In the M2M use case, the client could be a backend service, AI agent, or integration. If it's an org-level or internal service client, it uses a client_id and client_secret to request an access token via the client credentials flow. For user-backed clients, a user first authorizes the client via the authorization code flow.

How Scalekit helps

Building secure M2M authentication from scratch can be complex, especially when dealing with token scoping, TTL, credential rotation, and validation.
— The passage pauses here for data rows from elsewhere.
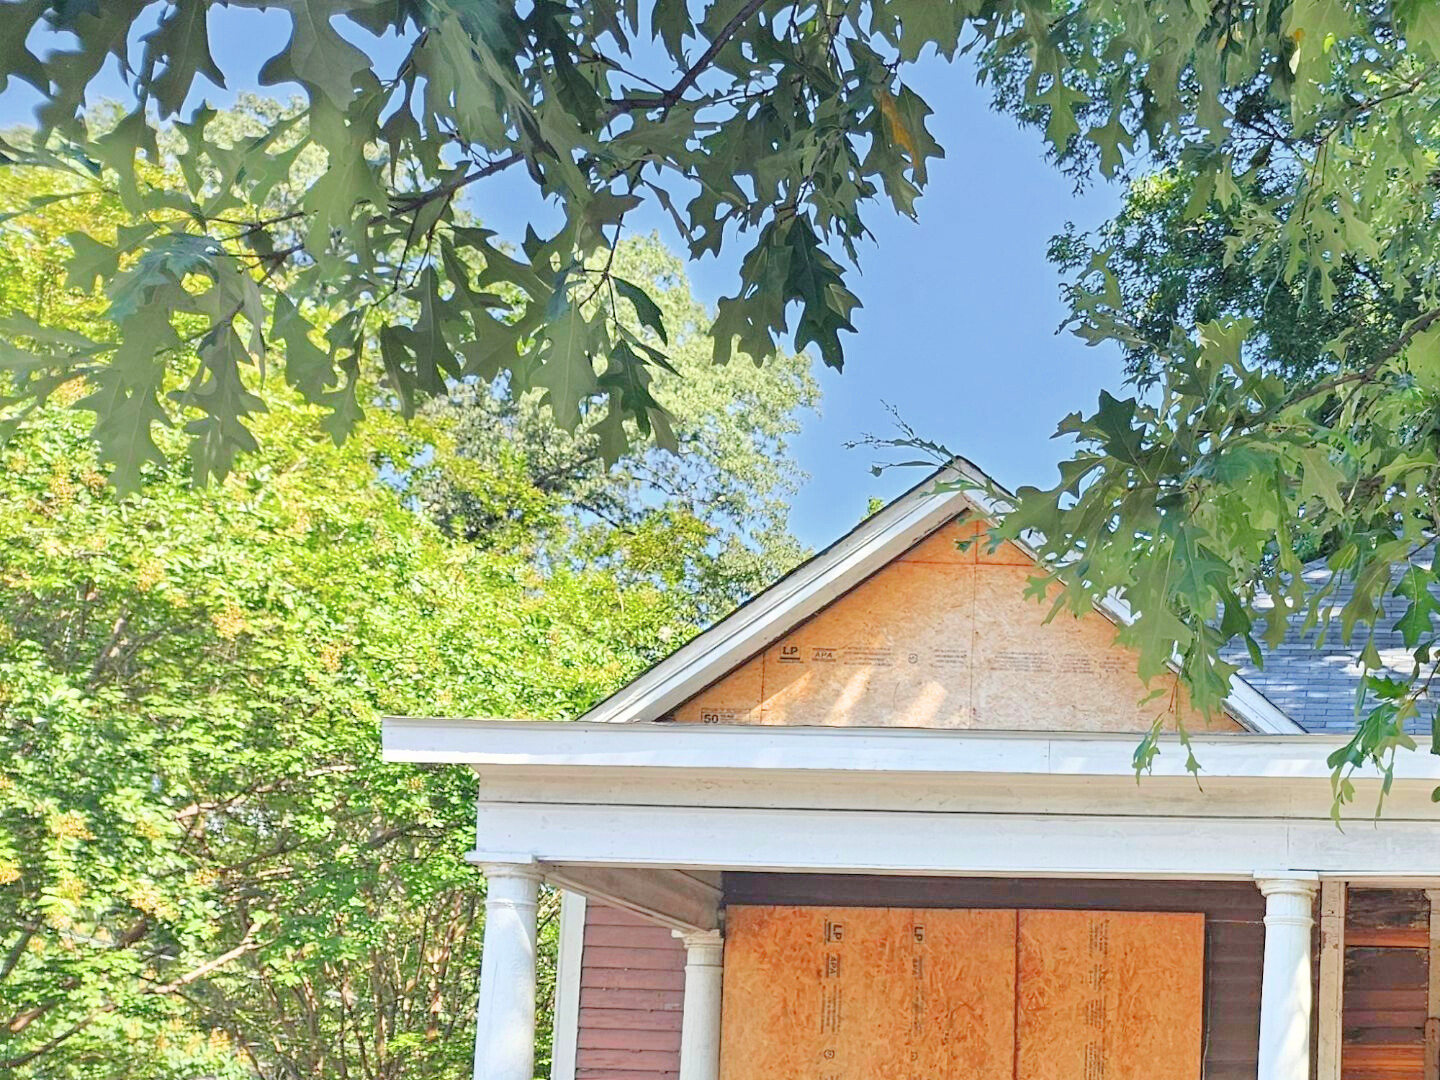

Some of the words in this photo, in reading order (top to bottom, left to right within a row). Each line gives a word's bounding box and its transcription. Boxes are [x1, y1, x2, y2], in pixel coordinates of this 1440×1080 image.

[782, 646, 798, 655] LP
[703, 714, 719, 724] 50
[833, 924, 843, 940] LP
[914, 926, 924, 941] LP
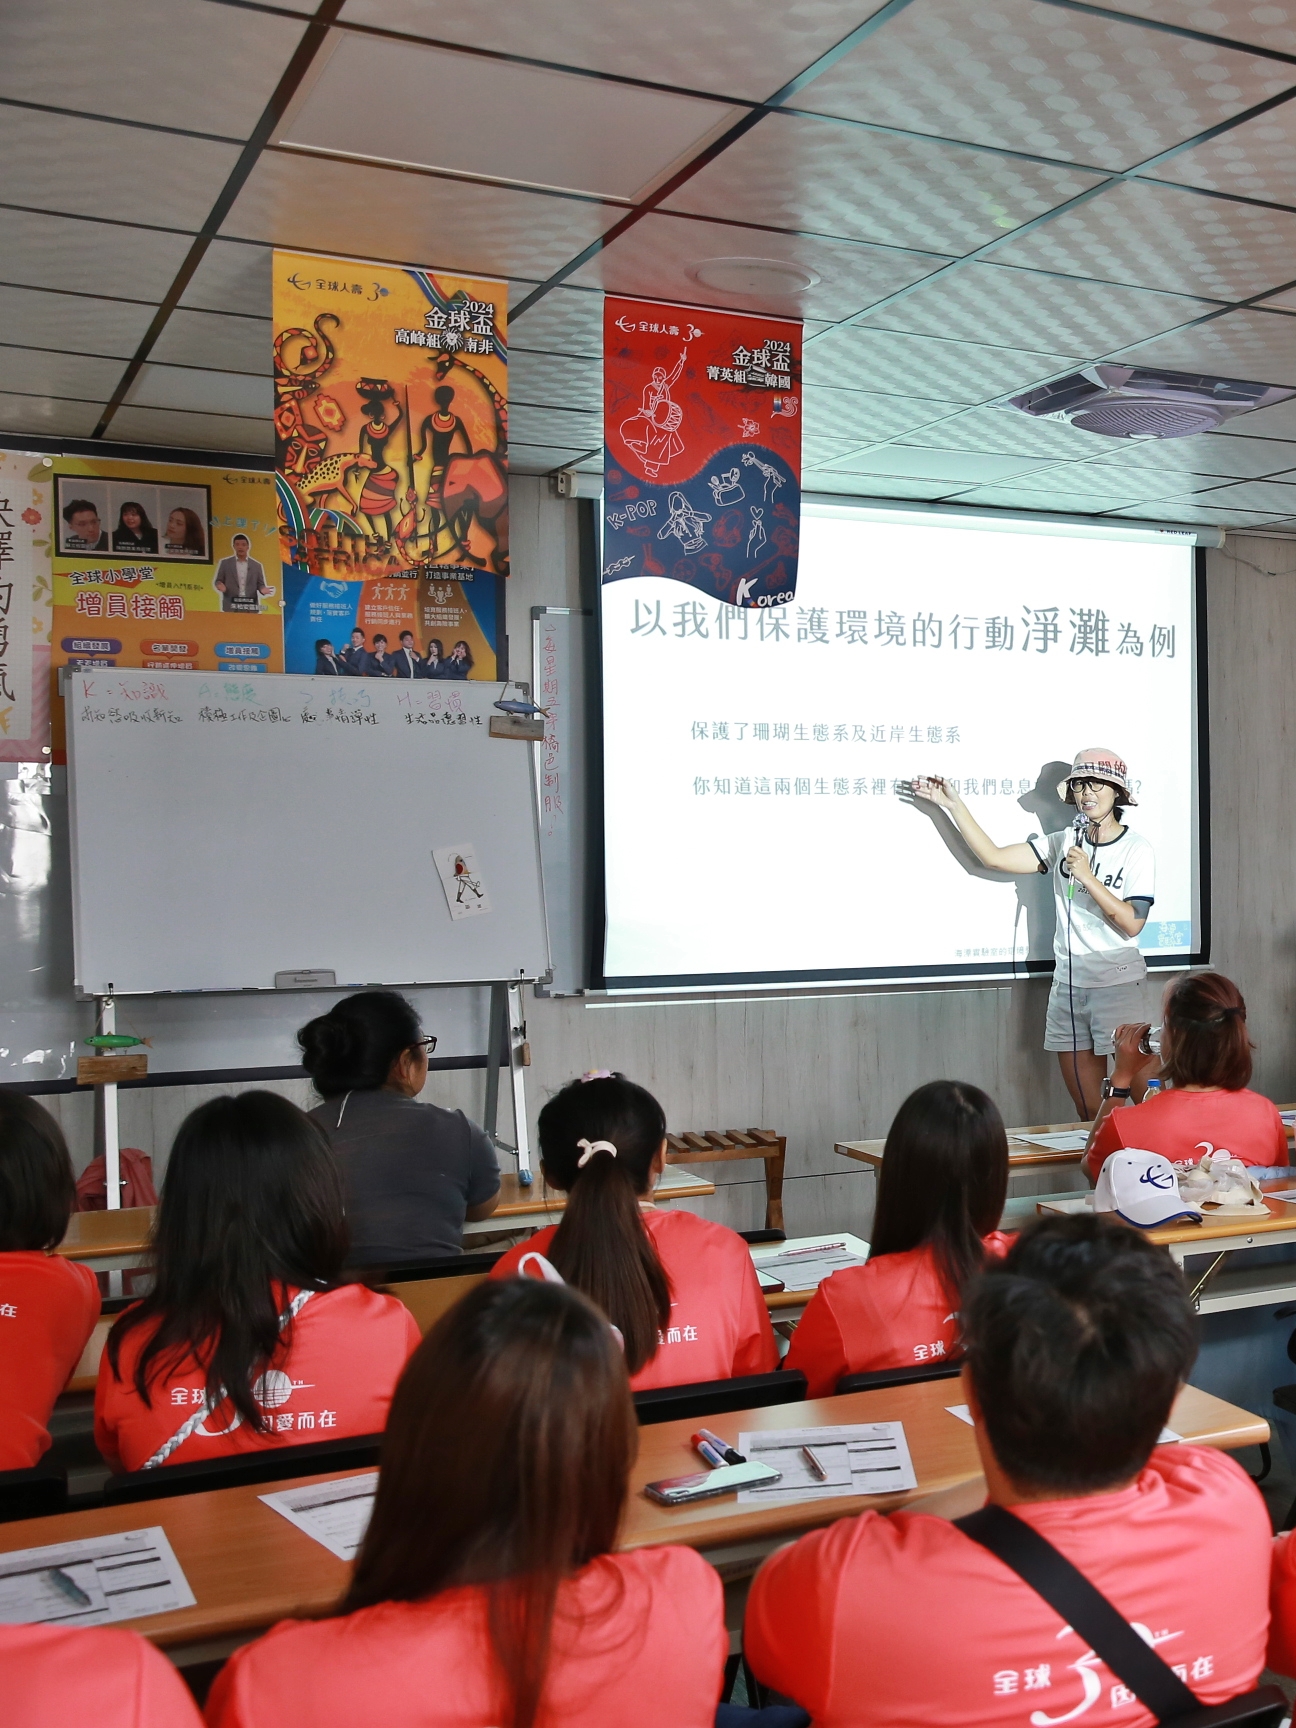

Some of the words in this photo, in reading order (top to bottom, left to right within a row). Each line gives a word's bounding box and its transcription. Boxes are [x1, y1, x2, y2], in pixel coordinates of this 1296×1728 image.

[315, 279, 363, 295] 全球人壽
[462, 300, 494, 314] 2024
[425, 307, 494, 336] 金球盃
[639, 321, 680, 336] 全球人壽
[395, 329, 441, 349] 高峰組
[464, 338, 494, 355] 南非
[764, 340, 790, 352] 2024
[732, 346, 790, 372] 金球盃
[707, 366, 747, 384] 菁英組
[764, 372, 790, 390] 韓國
[240, 476, 271, 485] 全球人壽
[606, 499, 657, 529] K-POP
[69, 567, 155, 586] 全球小學堂
[425, 572, 474, 581] 打造事業基地
[735, 577, 796, 609] Korea
[75, 592, 185, 621] 增員接觸
[690, 721, 961, 744] 保護了珊瑚生態系及近岸生態系
[913, 1341, 947, 1361] 全球
[993, 1663, 1051, 1696] 全球
Scalekit handles these concerns out of the box with minimal setup. With just a few API calls or dashboard actions, you can:

  • Register machine clients scoped to an organization
  • Generate and manage credentials with safe rotation
  • Issue signed, short-lived JWTs with the right claims based on the (oid, uid, aud, scopes, etc.)
  • Validate tokens locally in your API without needing to call back to Scalekit

This allows you to enforce least-privilege access for automated clients without having to implement the OAuth flow or token lifecycle yourself.

How Scalekit supports M2M auth

Scalekit provides a purpose-built M2M auth system based on the OAuth 2.0 flow. The three types of machine clients are:

  • Org-level clients: Used when an automated client needs to access APIs on behalf of an organization. Tokens are scoped to a specific org (oid) and typically used in org-wide workflows. Read the M2M authentication quickstart to set up an org-level client.
  • User-level clients: Used when a machine client is acting on behalf of a specific user. These tokens include a uid (user ID) in addition to oid and allow you to enforce user-contextual access. (Coming soon)
  • Internal service clients: Used for secure service-to-service communication between internal systems. These clients issue tokens with an aud (audience) claim to enforce destination-specific access. They are ideal for microservices that need to talk to each other without org or user context. (Coming soon)
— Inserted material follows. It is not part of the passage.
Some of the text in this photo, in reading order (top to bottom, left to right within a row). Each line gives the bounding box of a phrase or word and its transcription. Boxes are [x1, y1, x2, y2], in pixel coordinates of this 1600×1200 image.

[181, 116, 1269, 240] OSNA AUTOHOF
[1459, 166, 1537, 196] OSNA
How M2M authentication works

M2M authentication secures machine-to-machine interactions with your API

The high-level M2M auth flow looks like:

  1. Register a machine client: You create an M2M client in Scalekit for the machine that needs access to.

  2. Generate credentials: Scalekit issues a client_id and client_secret for that client. These are used to request access tokens.

  3. Request an access token: The machine client sends its credentials to Scalekit's /oauth/token endpoint using the client credentials grant type.

  4. Receive a signed JWT: Scalekit validates the request and returns a short-lived, signed JWT that contains claims.

    Depending on the type of client, when a token is issued, it contains information like:

    • Which organization it belongs to (oid)
    • Which user it belongs to (uid)
    • What it's allowed to do (scopes)
    • How long it's valid for (exp, nbf), and
    • Which service it's intended for (aud).

    Each token is signed by Scalekit so your API can validate it locally without needing to call Scalekit. This improves performance and keeps your authorization flow resilient even if the auth server is briefly unavailable.

  5. Make authenticated API calls: The machine client sends this token in the Authorization header when calling your API.

  6. Your API validates the token: Your API checks the token's signature and claims locally. No network call to Scalekit is needed.

This approach allows for a secure and programmatic authentication using short-lived, scoped tokens that can be revoked or rotated as needed.

Key behavior and properties

Tokens issued by Scalekit are designed to be secure by default and operationally smooth to manage over time:

  • Short-lived: All tokens have a configurable TTL (default: 1 hour; minimum: 5 minutes) to reduce long-term risk.
  • Locally verifiable: Tokens are signed JWTs that can be verified by your API without calling back to Scalekit.
  • Supports rotation: Each client can store up to five secrets at a time, making credential rotation seamless with no downtime.
  • Includes identity context: Tokens contain claims like oid (org ID), uid (user ID), and aud (audience) so you can enforce precise access.
  • Scoped access: Define fine-grained scopes to limit what a client is allowed to do.

These defaults ensure that tokens are short-lived, constrained in what they can do, and fully verifiable without external dependencies.